Incident: Martin Cotton, 2007
Weeks J. "Does LSD Kill?" The Northcoast Journal. Aug 30, 2007.
Moore CL. "Martin F. Cotton II". Redwood Curtain Copwatch. Aug 9, 2007.
A 26-year-old man, Martin Cotton, died while in police custody after suffering at least some level of physical beating from the police. Despite only finding 10.6 ng/ml in Cotton's blood, well below fatal levels, the Coroner told news sources that he would rule LSD as the cause of death. According to Upshall and Wailing, 1972, plasma levels of LSD in normal subjects after receiving 160 micrograms orally were between 1.6 and 6.2 ng/ml at 260 minutes after dosing. Other papers have shown substantially higher LSD plasma concentrations without leading to fatality. Cotton's LSD use may have resulted in his angering the police in a way that caused him to be beaten repeatedly, eventually resulting in his death.
Incident: William Parker Martin, 2007 #
Turner K. "Coroner's office blames drug use in bizarre death". - The Plain Dealer. Jan 2008.
A 19-year-old man, William Parker Martin, died in 2007, after struggling with police. A subsequent toxicology report found "only LSD and a prescribed anti-depressant". The man's LSD use likely resulted in his combativeness and probably contributed to his lack of necessary restraint to avoid the fatal fight with the officers.
LD50 #
LSD LD50 Notes, by K Trout, 20024
There is no way to determine an LD50 for LSD in humans. LD50s are only ever experimentally determined in animals, and extrapolations from one species to another for lethal dose are notoriously unreliable. Based on the real-world killing of lab animals the following results have been published for LD50 studies of LSD-25.3 Bear in mind that an oral LD50 is commonly 2 or 3 times an intravenous LD50.
Mouse (intravenous)
46 mg/kg [citing Rothlin & Cerletti (1957) Ann. NY Acad. Sci. 66: 668]
65 mg/kg [citing information provided by Sandoz Pharmaceuticals]
Rat (intravenous)
16.5 mg/kg [citing Rothlin & Cerletti (1957) above]

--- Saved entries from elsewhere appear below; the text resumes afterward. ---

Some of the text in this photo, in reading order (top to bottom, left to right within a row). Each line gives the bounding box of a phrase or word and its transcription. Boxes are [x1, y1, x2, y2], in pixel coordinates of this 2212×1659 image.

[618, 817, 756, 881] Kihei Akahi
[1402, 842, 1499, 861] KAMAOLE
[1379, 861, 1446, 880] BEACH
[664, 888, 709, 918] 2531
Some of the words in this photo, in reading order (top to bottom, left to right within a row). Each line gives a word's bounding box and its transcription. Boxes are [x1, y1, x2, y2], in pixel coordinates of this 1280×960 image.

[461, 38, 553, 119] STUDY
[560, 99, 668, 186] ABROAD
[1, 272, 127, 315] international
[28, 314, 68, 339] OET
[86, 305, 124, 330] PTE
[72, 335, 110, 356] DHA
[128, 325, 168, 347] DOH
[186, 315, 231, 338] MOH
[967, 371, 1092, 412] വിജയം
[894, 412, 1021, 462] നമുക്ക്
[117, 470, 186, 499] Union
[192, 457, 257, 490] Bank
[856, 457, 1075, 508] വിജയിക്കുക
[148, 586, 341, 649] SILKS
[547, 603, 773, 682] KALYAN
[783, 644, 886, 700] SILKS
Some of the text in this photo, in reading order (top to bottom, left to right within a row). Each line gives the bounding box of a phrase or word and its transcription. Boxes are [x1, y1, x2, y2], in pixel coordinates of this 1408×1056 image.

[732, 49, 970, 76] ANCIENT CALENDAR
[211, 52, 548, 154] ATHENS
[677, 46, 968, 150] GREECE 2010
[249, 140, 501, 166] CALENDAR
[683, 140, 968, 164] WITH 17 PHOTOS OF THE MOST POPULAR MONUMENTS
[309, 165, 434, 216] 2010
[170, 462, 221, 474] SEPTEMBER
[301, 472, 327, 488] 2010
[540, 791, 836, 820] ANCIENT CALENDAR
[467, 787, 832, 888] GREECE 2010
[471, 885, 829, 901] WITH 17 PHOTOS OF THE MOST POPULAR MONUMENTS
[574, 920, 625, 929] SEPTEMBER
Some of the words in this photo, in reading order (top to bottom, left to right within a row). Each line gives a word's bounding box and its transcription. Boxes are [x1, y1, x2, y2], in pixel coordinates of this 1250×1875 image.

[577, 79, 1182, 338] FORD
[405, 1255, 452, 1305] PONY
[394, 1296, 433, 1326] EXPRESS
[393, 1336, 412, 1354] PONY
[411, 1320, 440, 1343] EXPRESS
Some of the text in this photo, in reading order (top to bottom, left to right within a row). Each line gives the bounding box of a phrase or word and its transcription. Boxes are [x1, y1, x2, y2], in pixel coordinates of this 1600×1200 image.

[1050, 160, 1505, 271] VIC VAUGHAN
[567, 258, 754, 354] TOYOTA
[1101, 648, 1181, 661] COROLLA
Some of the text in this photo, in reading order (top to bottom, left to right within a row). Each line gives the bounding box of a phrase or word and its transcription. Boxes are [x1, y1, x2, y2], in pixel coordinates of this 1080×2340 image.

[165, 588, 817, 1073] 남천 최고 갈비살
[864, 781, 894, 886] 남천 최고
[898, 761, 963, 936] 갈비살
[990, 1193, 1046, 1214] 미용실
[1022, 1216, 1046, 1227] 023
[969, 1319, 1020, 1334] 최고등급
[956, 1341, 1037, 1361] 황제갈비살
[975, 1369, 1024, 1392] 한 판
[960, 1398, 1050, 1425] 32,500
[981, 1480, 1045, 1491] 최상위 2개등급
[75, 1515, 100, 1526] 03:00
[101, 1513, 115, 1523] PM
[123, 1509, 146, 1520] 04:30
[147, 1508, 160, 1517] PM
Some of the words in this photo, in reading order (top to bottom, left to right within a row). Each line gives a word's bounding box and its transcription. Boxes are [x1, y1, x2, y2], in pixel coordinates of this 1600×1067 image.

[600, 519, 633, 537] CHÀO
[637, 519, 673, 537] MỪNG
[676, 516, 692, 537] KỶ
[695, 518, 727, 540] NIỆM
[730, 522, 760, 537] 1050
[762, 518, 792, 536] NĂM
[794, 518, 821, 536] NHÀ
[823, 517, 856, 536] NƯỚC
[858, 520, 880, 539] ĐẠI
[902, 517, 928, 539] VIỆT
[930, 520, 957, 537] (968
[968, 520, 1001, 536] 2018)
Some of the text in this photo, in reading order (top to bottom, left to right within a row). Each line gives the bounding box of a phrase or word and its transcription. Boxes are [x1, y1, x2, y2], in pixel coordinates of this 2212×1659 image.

The rabbit data has been omitted, as rabbits are extremely overly sensitive to all the major hallucinogens except for mescaline and similar compounds.

Please also note the values above are given as mg/kg of body weight, not as simple mg doses. Unfortunately, there is no simple way to extrapolate from doses of drugs that are lethal in animals to those that will kill humans.

LSD LD50 Notes, by Haddad & Winchester, 19901
LD50 (That's the dose that induces death in 50% of those who ingest a particular drug) determinations vary widely with species, being 46 mg/kg in mice, 16.5 mg/kg in rats, 0.3 mg/kg in rabbits and 0.1 mg/kg in elephants. In monkeys, the LD100 is 5 mg/kg. Death in these animals is the result of respiratory failure, preceded in the rabbit by marked hyperthermia. Human data are manifestly lacking, and predictions of the average lethal dose for humans have ranged from 0.2 mg/kg to more than 1 mg/kg, administered orally.1
  1. Haddad L, Winchester J. Clinical Management of Poisoning and Drug Overdose. W.B. Saunders Co. 1990. p 459.
  2. Stafford P. Psychedelics Encyclopedia. Ronin Publishing. 1992. p 70.
  3. Usdin E, Efron DH. Psychotropic Drugs and Related Compounds: 2nd Ed.. Pergamon Press. 1979.
  4. Trout K. Personal Communication. 2002.
  5. Cohen S. "Lysergic acid diethylamide: side effects and complications". J Nerv ment Dis. 1960;130:30.